Equally personal and provocative was Nikolai Demidenko’s (left) account of Chopin’s 24 Préludes Op.28, painted with every possible shade of dark grey. His world-weary journey accentuated the somberness of minor keys while inflecting major keys with touches of melancholy. The mysterious A minor Prélude was unveiled as a funereal procession, while bells of doom replaced raindrops in the familiar D flat major number. When the music afforded sunshine and a smile, out came clouds and scowls.

The thaw came with Schumann. Faschingsschwank Aus Wien (Carnival Jest In Vienna) had jollity and ecstasy in equal measure while Demidenko’s variegated touch relived the humour and high spirits of Carnaval. Its 22 short character studies flitted quixotically between with bipolar extremes of Florestan (passionate) and Eusebius (withdrawn). Like Rachmaninov before him, Demidenko performed the movement nobody ever plays: the bare enigmatic notes of Sphinxes, Schumann’s only flirtation with atonality.

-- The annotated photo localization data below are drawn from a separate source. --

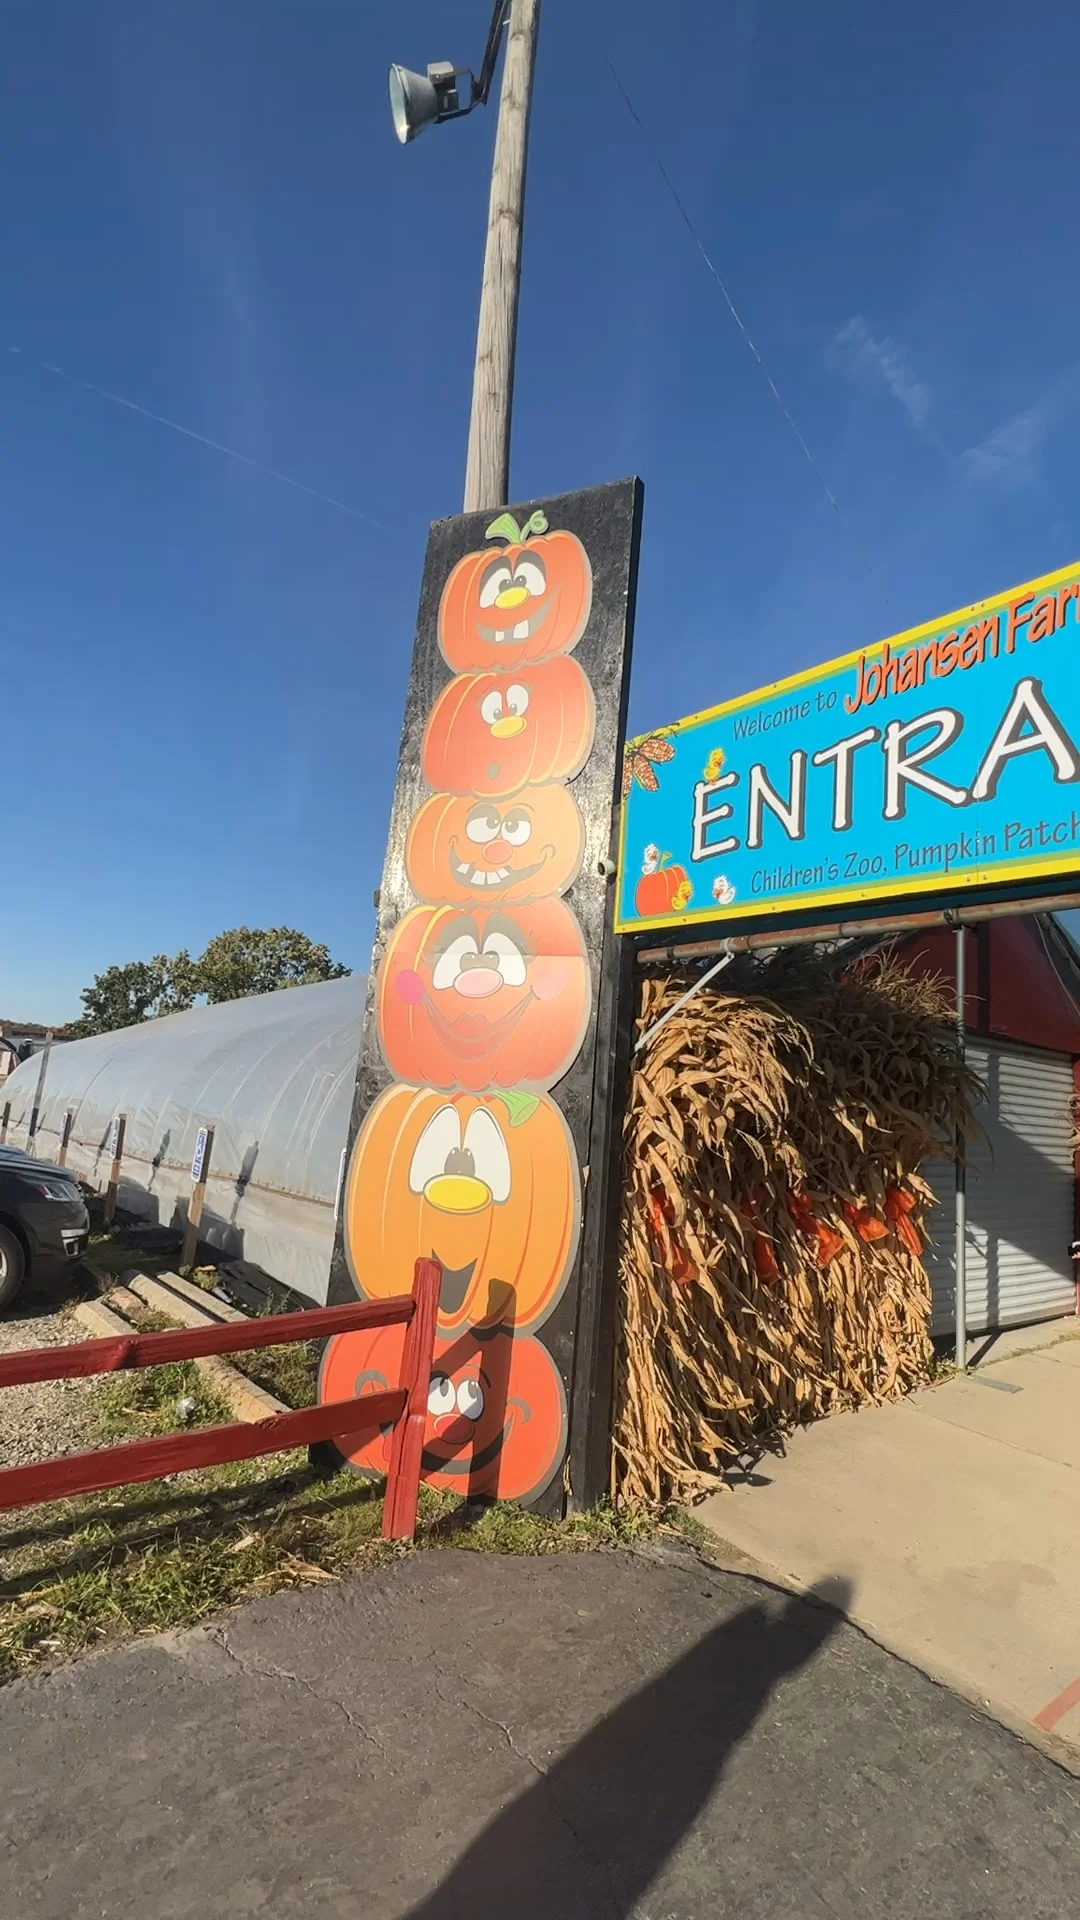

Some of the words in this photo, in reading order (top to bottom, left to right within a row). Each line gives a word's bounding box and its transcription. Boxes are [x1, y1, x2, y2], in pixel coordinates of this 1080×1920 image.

[733, 700, 811, 741] Welcome
[815, 691, 838, 713] to
[845, 614, 1000, 714] Johansen
[1007, 584, 1080, 654] Far
[690, 675, 1080, 862] ENTRA
[751, 856, 839, 894] Children's
[843, 852, 888, 878] Zoo,
[894, 830, 996, 873] Pumpkin
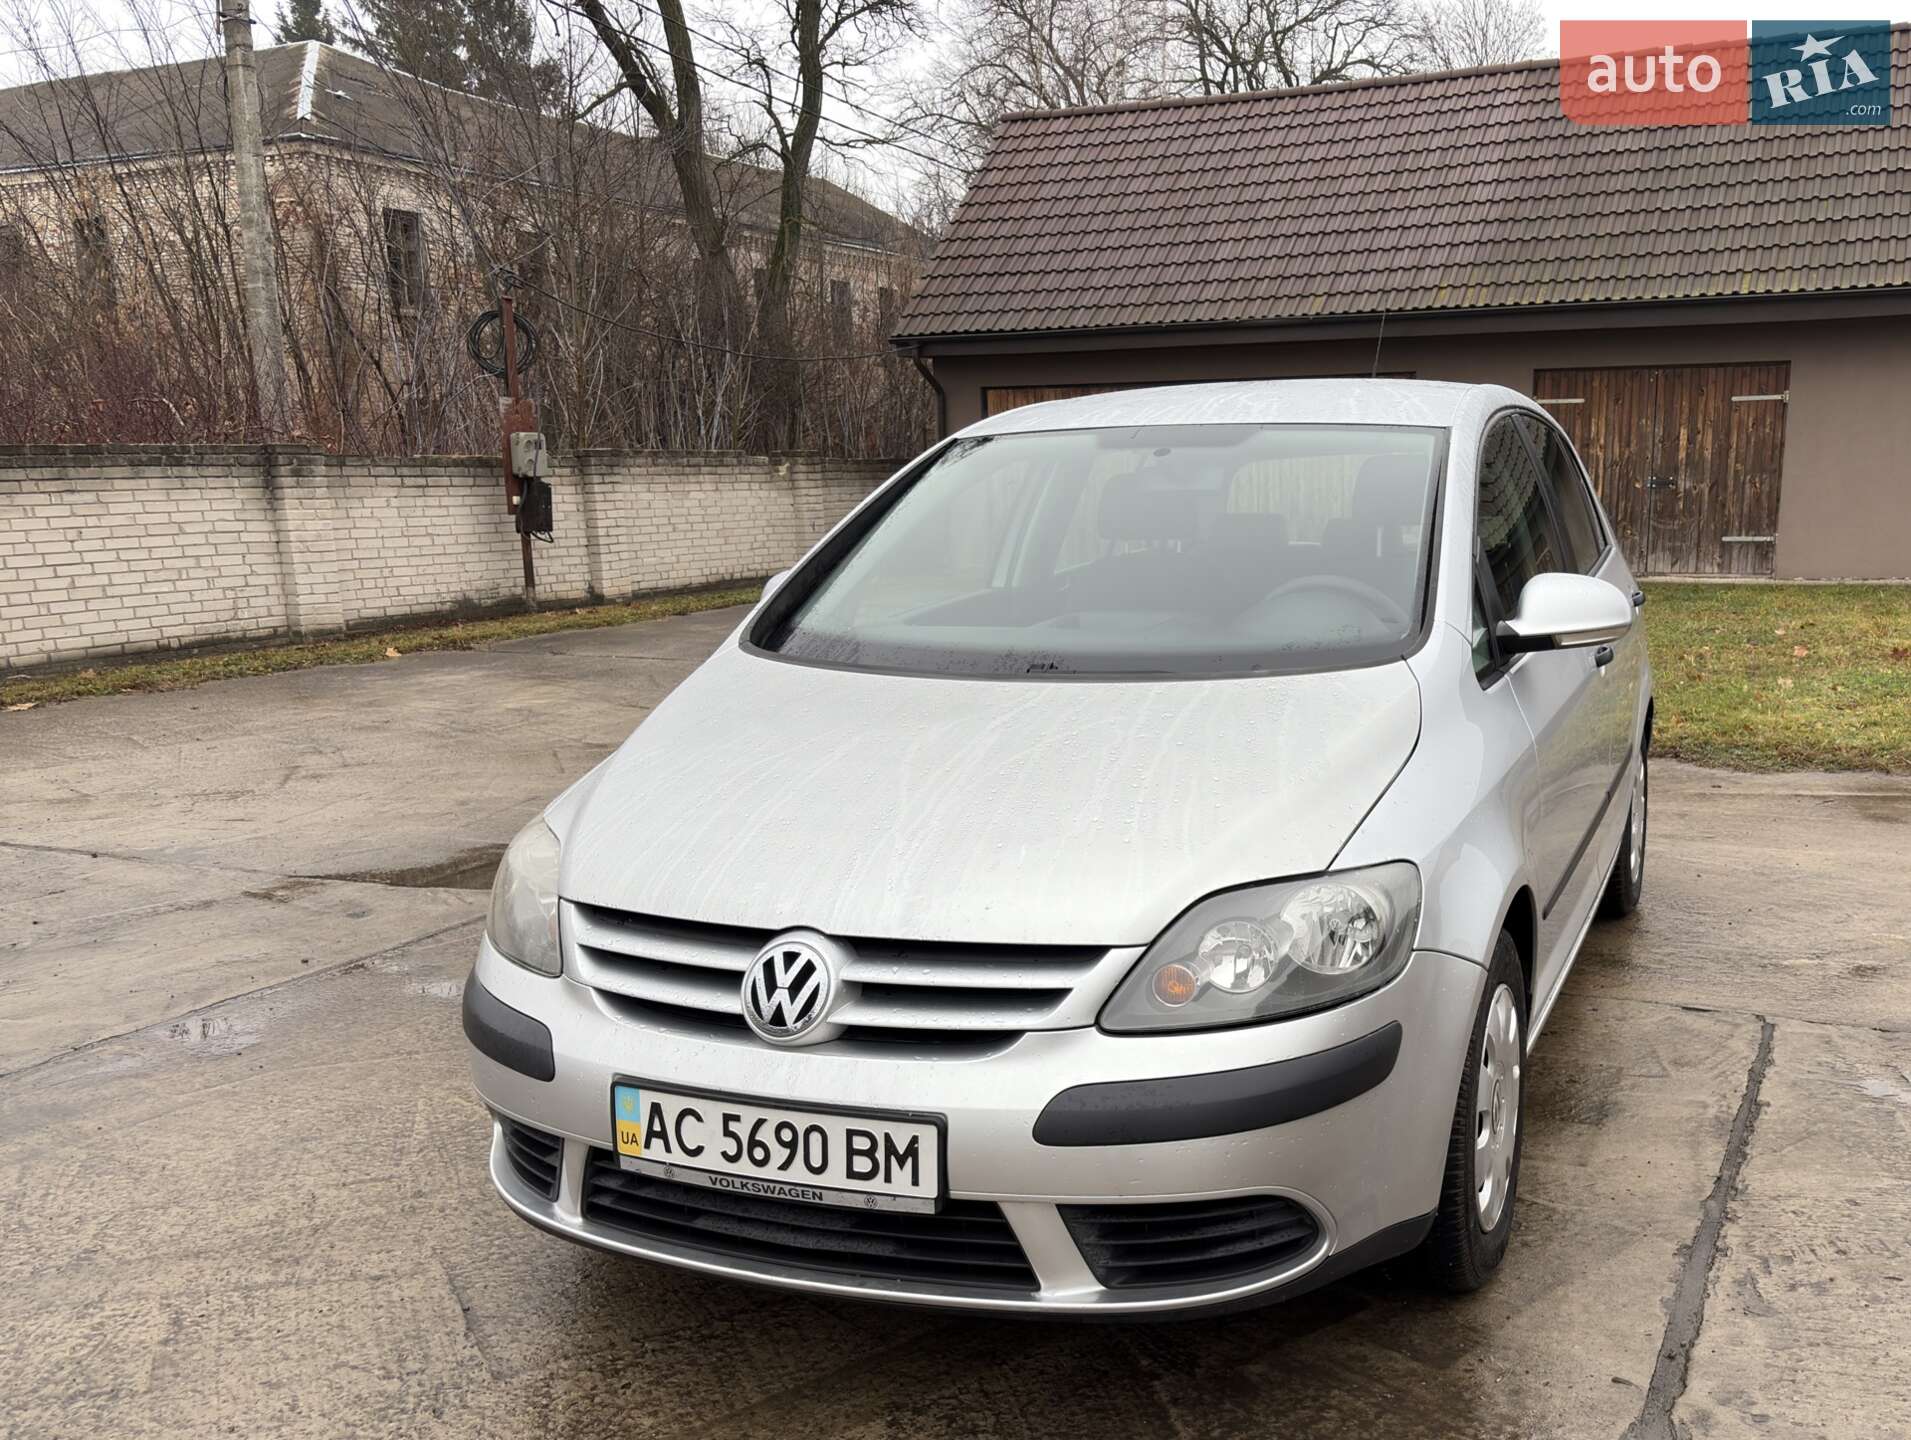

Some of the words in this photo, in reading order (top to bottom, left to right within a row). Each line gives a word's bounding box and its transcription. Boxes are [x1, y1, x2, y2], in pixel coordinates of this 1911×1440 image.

[747, 943, 827, 1033] VW
[620, 1130, 639, 1147] UA
[643, 1101, 705, 1158] AC
[720, 1112, 829, 1176] 5690
[845, 1127, 920, 1187] BM
[708, 1175, 824, 1202] VOLKSWAGEN

Surely the most refined pianist was Pascal Rogé, whose hour-long collage of Nocturnes, Préludes and Études by Fauré, Poulenc, Chopin and Debussy – played uninterrupted – stood firm in the memory. Every note and nuance was coloured with sensitivity and beauty. His Debussy was peerless, from the arch-simplicity of Girl With The Flaxen Hair to the torrential squall in What The West Wind Saw. Several Chopin Préludes were heard again, and the effect was like night and day. Where Demidenko had brooded, Rogé shone and illuminated. In Chopin’s Revolutionary Étude, he showed that Frenchmen could barnstorm with the best of Russians.

Rogé was joined by his Japanese-Indonesia wife Ami (above) in 4-hand works by Schubert and Ravel. The former’s Fantaisie in F minor was a study of balance and intimacy, most eloquently marrying Biedermeier prettiness with contrapuntal mastery. The sensuality exuded in the latter’s Rapsodie Espagnole was never in doubt, the rhythms alternating between hypnotic and exuberant. The Rogés, matched in complementary black Chinese outfits, sounded and looked a most handsome couple.
Young Sudbin is a new giant of the keyboard (Photos: Collin Tan)

Although still in his twenties, the Russian Yevgeny Sudbin (above) who closed the festival was a throw back to the great pianists of the Golden Age such as Horowitz and Friedman. His suite of four Chopin Mazurkas rejoiced in rhythmic vitality and rich bass-notes, evincing varying degrees of nostalgia and moodiness. Two Scarlatti Sonatas and Haydn’s E minor Sonata (Hob.XVI:34)also elegantly revealed tragicomedic elements that belied their staid titles.

Sudbin left his boldest stamp in music of his homeland; two Medtner Fairy Tales exuded the ironic mix of fantasy and pathos that only a Slav could express, and the relentless pulverising force of Prokofiev’s Seventh Sonata left one stunned, numbed and later enlightened. Its precipitous finale began on a frantic pace, and plunged headlong without let up till its fateful end. With artists like these, the future of the “live” piano recital is never in doubt.
The Singapore International Piano festival was presented by Singapore Symphonia Co. Ltd.